The severe acute respiratory coronavirus-2 (SARS-CoV-2) is the cause of the global outbreak of COVID-19. Evidence suggests that the virus is evolving to allow efficient spread through the human population, including vaccinated individuals. Here we report a study of viral variants from surveillance of the Delaware Valley, including the city of Philadelphia, and variants infecting vaccinated subjects. We sequenced and analyzed complete viral genomes from 2621 surveillance samples from March 2020 to September 2021 and compared them to genome sequences from 159 vaccine breakthroughs. In the early spring of 2020, all detected variants were of the B.1 and closely related lineages. A mixture of lineages followed, notably including B.1.243 followed by B.1.1.7 (alpha), with other lineages present at lower levels. Later isolations were dominated by B.1.617.2 (delta) and other delta lineages; delta was the exclusive variant present by the last time sampled. To investigate whether any variants appeared preferentially in vaccine breakthroughs, we devised a model based on Bayesian autoregressive moving average logistic multinomial regression to allow rigorous comparison. This revealed that B.1.617.2 (delta) showed three-fold enrichment in vaccine breakthrough cases (odds ratio of 3; 95% credible interval 0.89-11). Viral point substitutions could also be associated with vaccine breakthroughs, notably the N501Y substitution found in the alpha, beta and gamma variants (odds ratio 2.04; 95% credible interval of 1.25-3.18). This study thus provides a detailed picture of viral evolution in the Delaware Valley and a geographically matched analysis of vaccine breakthroughs; it also introduces a rigorous statistical approach to interrogating enrichment of viral variants.

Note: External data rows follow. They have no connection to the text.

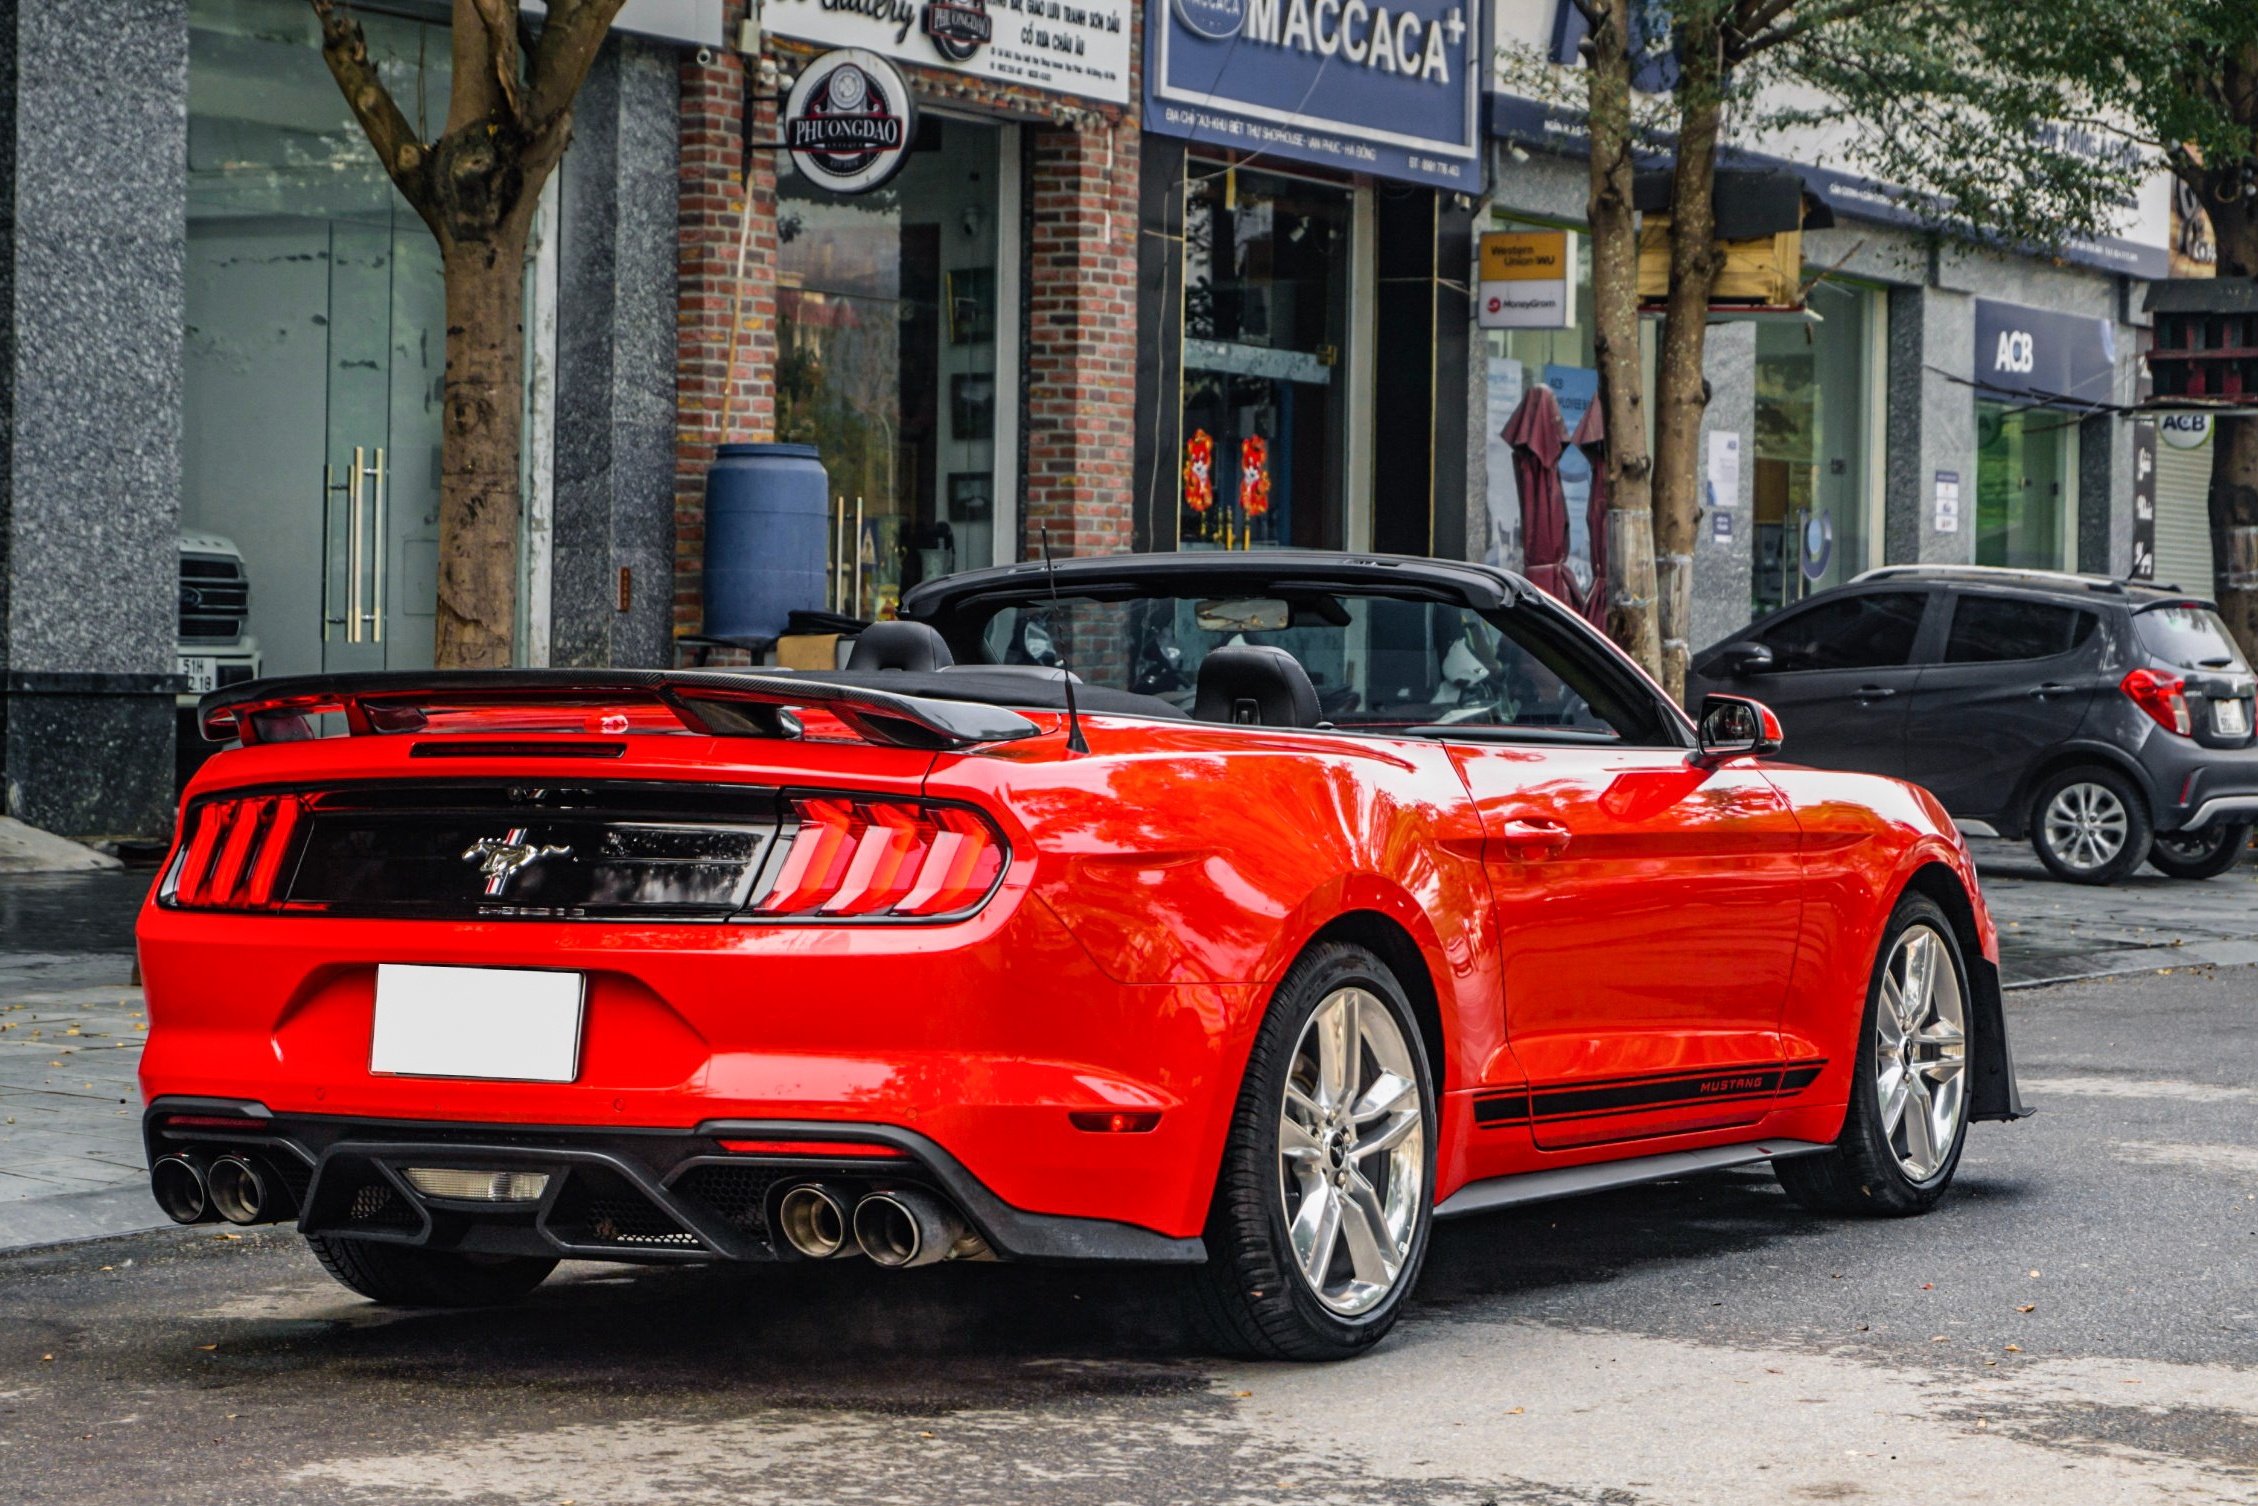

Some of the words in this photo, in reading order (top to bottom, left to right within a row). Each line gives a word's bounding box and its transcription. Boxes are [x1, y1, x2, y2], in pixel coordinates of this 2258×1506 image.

[1063, 5, 1085, 26] TRANH
[796, 119, 898, 146] PHUONGDAO
[1491, 245, 1535, 256] Western
[1504, 256, 1534, 267] Union
[1502, 299, 1556, 310] MoneyGram
[1995, 331, 2034, 373] ACB
[2162, 414, 2206, 431] ACB
[183, 659, 203, 674] 51H
[1700, 1076, 1763, 1093] MUSTANG
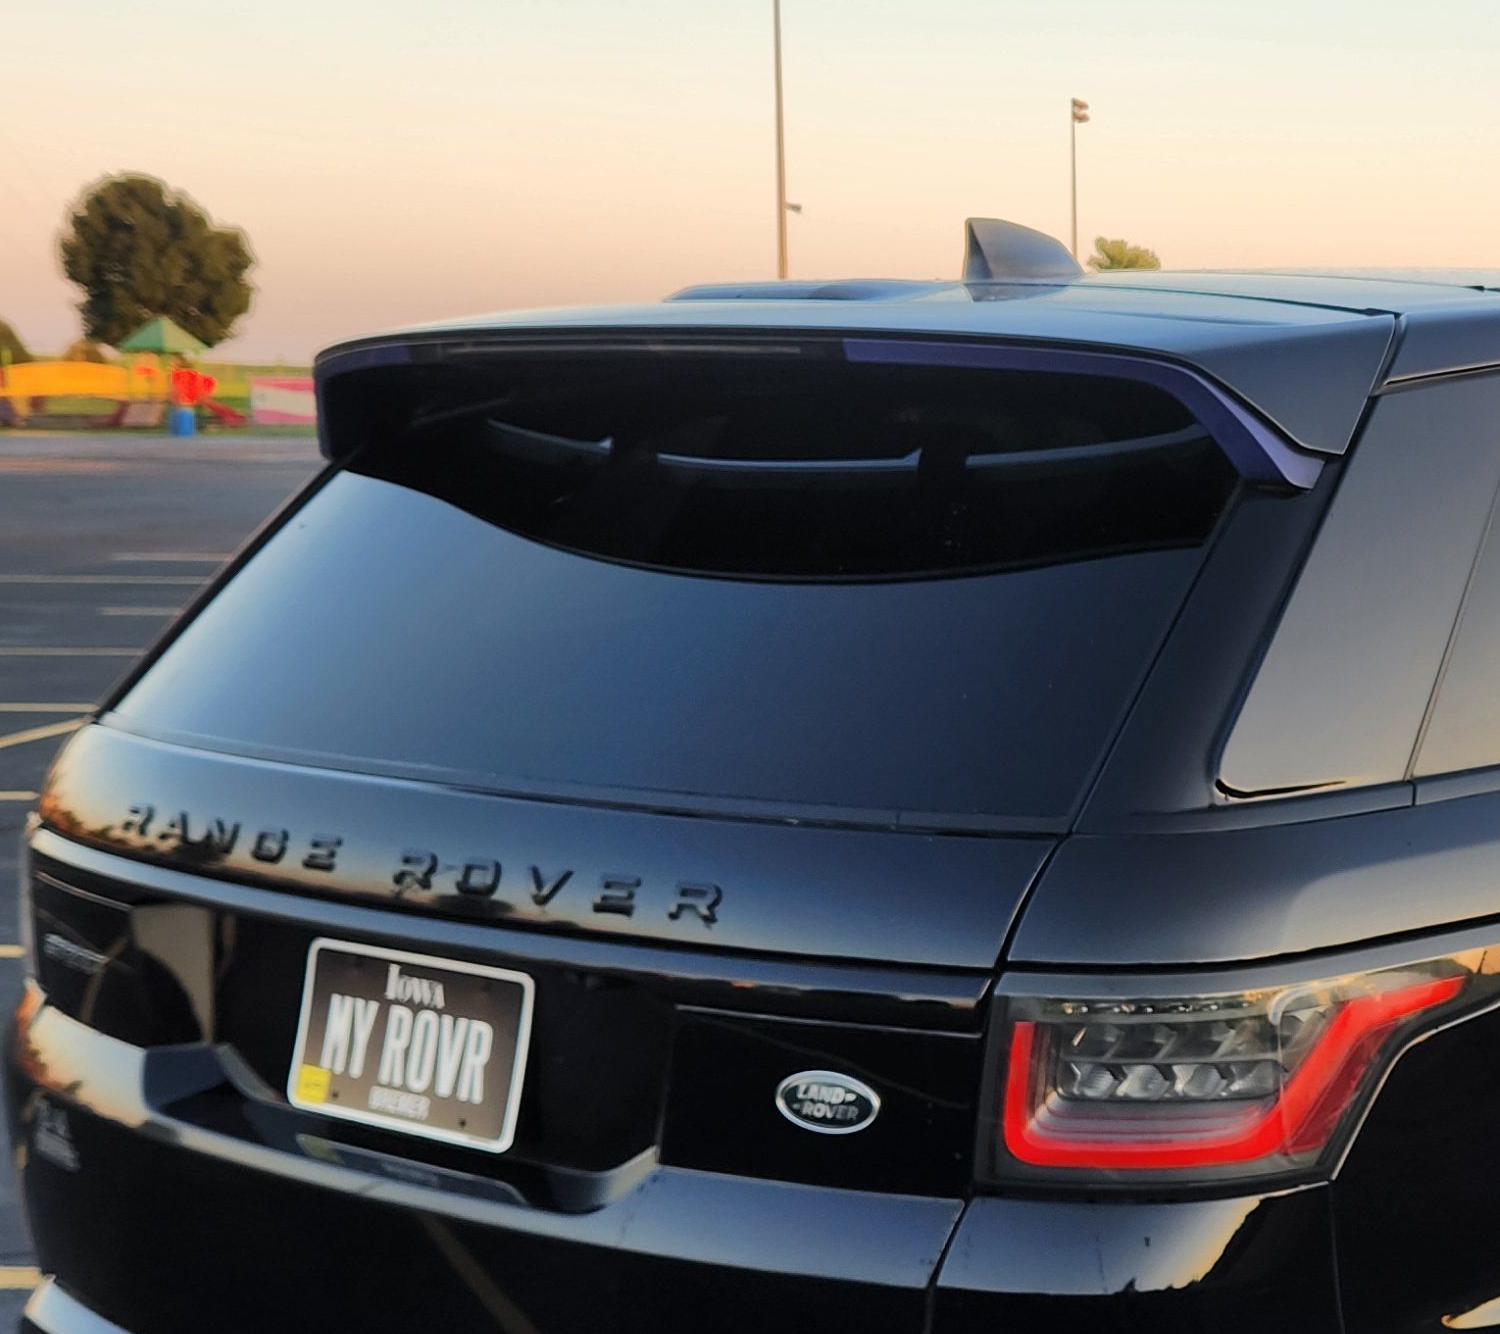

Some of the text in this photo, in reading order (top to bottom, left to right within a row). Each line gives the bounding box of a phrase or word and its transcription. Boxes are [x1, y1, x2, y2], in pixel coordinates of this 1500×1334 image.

严重急性呼吸综合征冠状病毒2(SARS-CoV-2)是导致全球新冠疫情大流行的病原体。有证据表明,该病毒正在不断进化,以便在包括接种疫苗的人群在内的人类群体中高效传播。在此,我们报告了一项对特拉华谷(包括费城)监测到的病毒变体以及感染接种疫苗者的变体的研究。我们对2020年3月至2021年9月期间2621份监测样本中的完整病毒基因组进行了测序和分析,并将其与159例疫苗突破感染病例的基因组序列进行了比较。2020年早春,所有检测到的变体均属于B.1及其密切相关的谱系。随后出现了多种谱系的混合,其中特别值得注意的是B.1.243,随后是B.1.1.7(阿尔法),其他谱系的占比相对较低。后来的分离株主要是B.1.617.2(德尔塔)和其他德尔塔谱系;在最后一次采样时,德尔塔是唯一存在的变体。为了研究是否有任何变体在疫苗突破感染病例中出现的比例偏高,我们设计了一个基于贝叶斯自回归移动平均逻辑多项回归的模型,以便进行严格比较。结果显示,B.1.617.2(德尔塔)在疫苗突破感染病例中的富集程度为三倍(优势比为3;95%可信区间为0.89 - 11)。病毒的点突变也可能与疫苗突破感染有关,特别是在阿尔法、贝塔和伽马变体中发现的N501Y突变(优势比为2.04;95%可信区间为1.25 - 3.18)。因此,本研究详细描绘了特拉华谷的病毒进化情况,并对疫苗突破感染进行了地域匹配分析;同时还引入了一种严格的统计方法来探究病毒变体的富集情况。